### [To do]
Type the records that follow again exactly as written, but drop the pictures.

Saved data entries
BEGIN

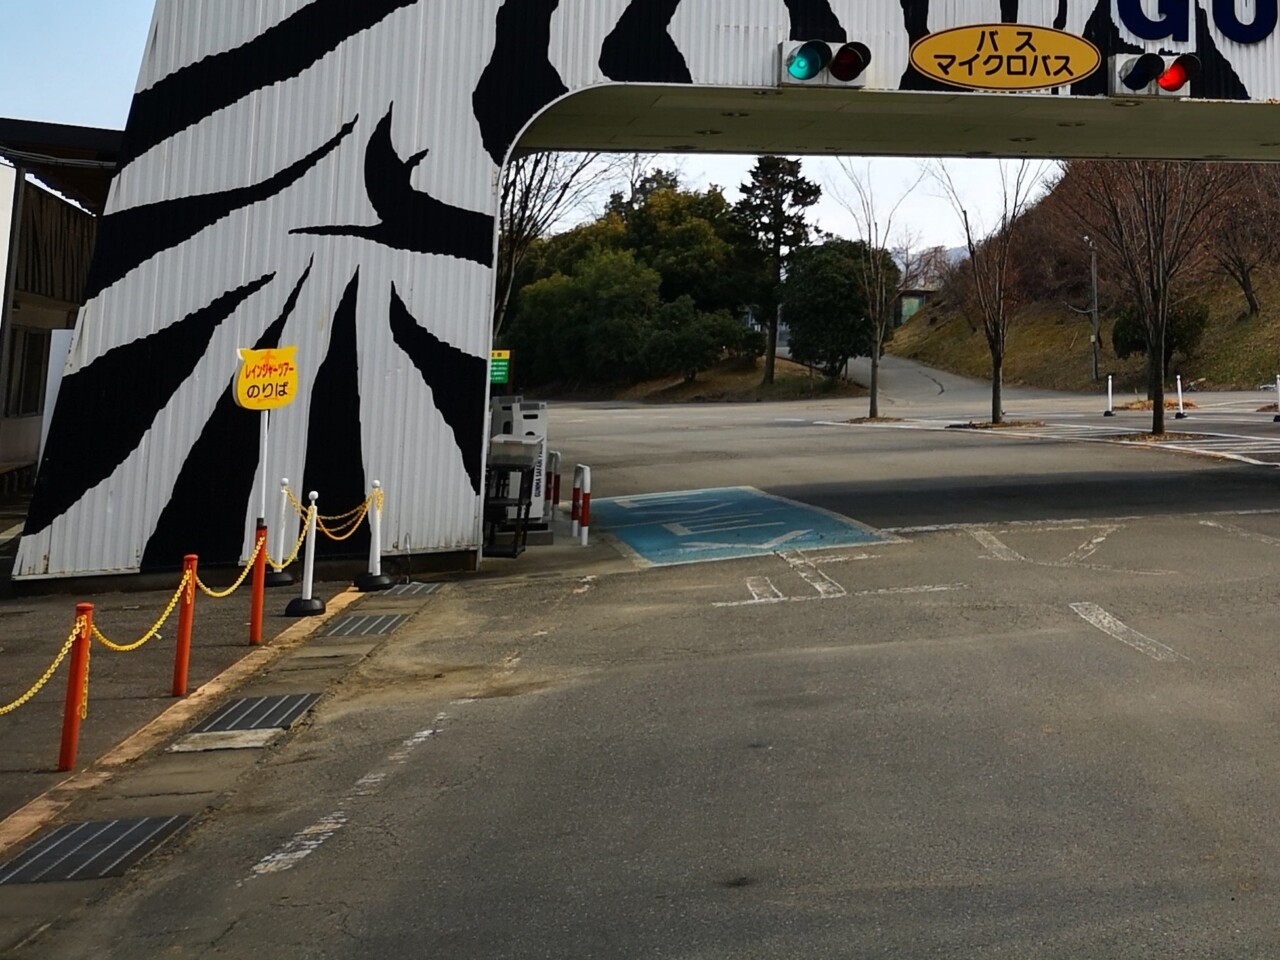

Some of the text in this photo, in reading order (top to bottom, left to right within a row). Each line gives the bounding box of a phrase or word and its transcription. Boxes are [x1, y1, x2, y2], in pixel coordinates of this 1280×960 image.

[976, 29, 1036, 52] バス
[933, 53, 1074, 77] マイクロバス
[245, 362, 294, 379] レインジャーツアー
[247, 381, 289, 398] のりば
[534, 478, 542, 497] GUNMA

END

### [Reply to the task]
Some of the text in this photo, in reading order (top to bottom, left to right within a row). Each line gives the bounding box of a phrase or word and its transcription. Boxes are [x1, y1, x2, y2], in pixel coordinates of this 1280×960 image.

[976, 29, 1036, 52] バス
[933, 53, 1074, 77] マイクロバス
[245, 362, 294, 379] レインジャーツアー
[247, 381, 289, 398] のりば
[534, 478, 542, 497] GUNMA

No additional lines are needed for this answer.